Kolo Touré suspended after failing drugs test

Manchester City have suspended the Ivorian defender indefinitely after he tested positive for a “specified substance.”

MANCHESTER CITY CAPTAIN Kolo Touré is facing the prospect of a lengthy ban after it emerged last night that he had failed a drugs test.

During a mandatory testing session last month, believed to have taken place following City’s derby defeat to Manchester United, the A-sample provided by the 29-year-old tested positive for a “specified substance.”

According to the World Anti-Doping Agency (WADA), a specified substance is one which is “more susceptible to a credible, non-doping explanation”. The punishment for a positive test ranges from a warning to a two-year ban.
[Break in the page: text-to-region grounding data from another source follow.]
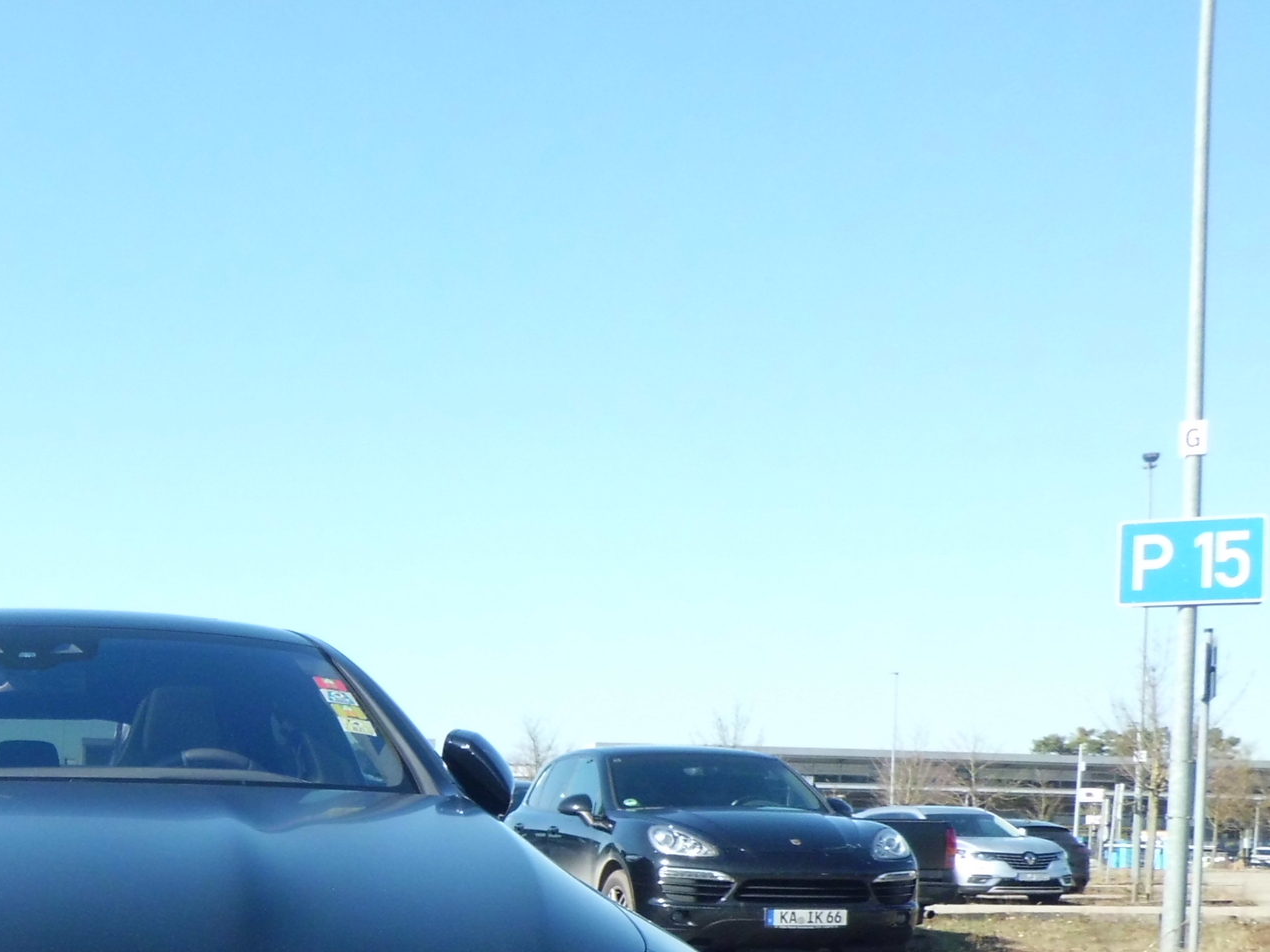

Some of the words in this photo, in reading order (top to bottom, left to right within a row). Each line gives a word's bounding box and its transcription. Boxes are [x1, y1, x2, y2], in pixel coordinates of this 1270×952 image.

[1186, 428, 1200, 447] G
[1132, 534, 1174, 591] P
[1194, 530, 1250, 588] 15
[779, 911, 797, 924] KA
[806, 911, 823, 924] IK
[826, 911, 842, 924] 66
The Ivorian defender now has the option to ask for his B-sample, which was provided as part of the same test, to also be analysed before the FA hold a hearing on the matter.
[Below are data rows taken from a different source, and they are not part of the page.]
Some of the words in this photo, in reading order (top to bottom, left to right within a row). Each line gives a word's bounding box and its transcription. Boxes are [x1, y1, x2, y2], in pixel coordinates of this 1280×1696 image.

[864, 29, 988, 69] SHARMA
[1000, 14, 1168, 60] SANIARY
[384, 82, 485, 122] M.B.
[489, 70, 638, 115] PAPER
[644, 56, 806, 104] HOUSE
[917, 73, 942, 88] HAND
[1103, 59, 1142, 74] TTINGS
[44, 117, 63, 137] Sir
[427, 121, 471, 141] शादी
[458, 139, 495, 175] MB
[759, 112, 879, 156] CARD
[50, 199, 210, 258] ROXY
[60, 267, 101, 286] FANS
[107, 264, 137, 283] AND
In a statement issued shortly before seven o’clock last night, Manchester City confirmed that the player had been suspended “pending the outcome of the legal process.”

Manchester City confirm that the FA has informed Kolo Touré that an ‘A-sample’ provided by him has tested positive for a specified substance.

As result of this, he has been suspended from participating in all first team and non-first team matches pending the outcome of the legal process.

There will be no further comment from the football club at this stage.

Specified substances

The news of Touré’s test makes him the first Premier League footballer to fail a drugs test since Chelsea’s Adrian Mutu in 2004. The Romanian striker, who tested positive for cocaine, was sacked by the club soon afterwards.

Although WADA accepts that there are often “credible explanations” for a positive test of this type, the authorities have regularly argued that athletes are responsible for ensuring that such substances do not enter their bodies.

Irish goalkeeper Paddy Kenny was handed a nine-month suspension by the FA in September 2009 after he tested positive for the banned stimulant ephedrine.

The defence offered by Kenny – that the drug had been present in medication taken to battle a chest infection – was deemed unsatisfactory by the Regulatory Commission.

More recently, Hamilton Academic midfielder Simon Mensing was given a four-week ban in December 2010 after he tested positive for the stimulant methylhexaneamine.

In his defence, the player presented evidence that the stimulant had been ingested as part of a dietary supplement, a fact which was taken into account by the Scottish FA in deciding on the severity of his punishment.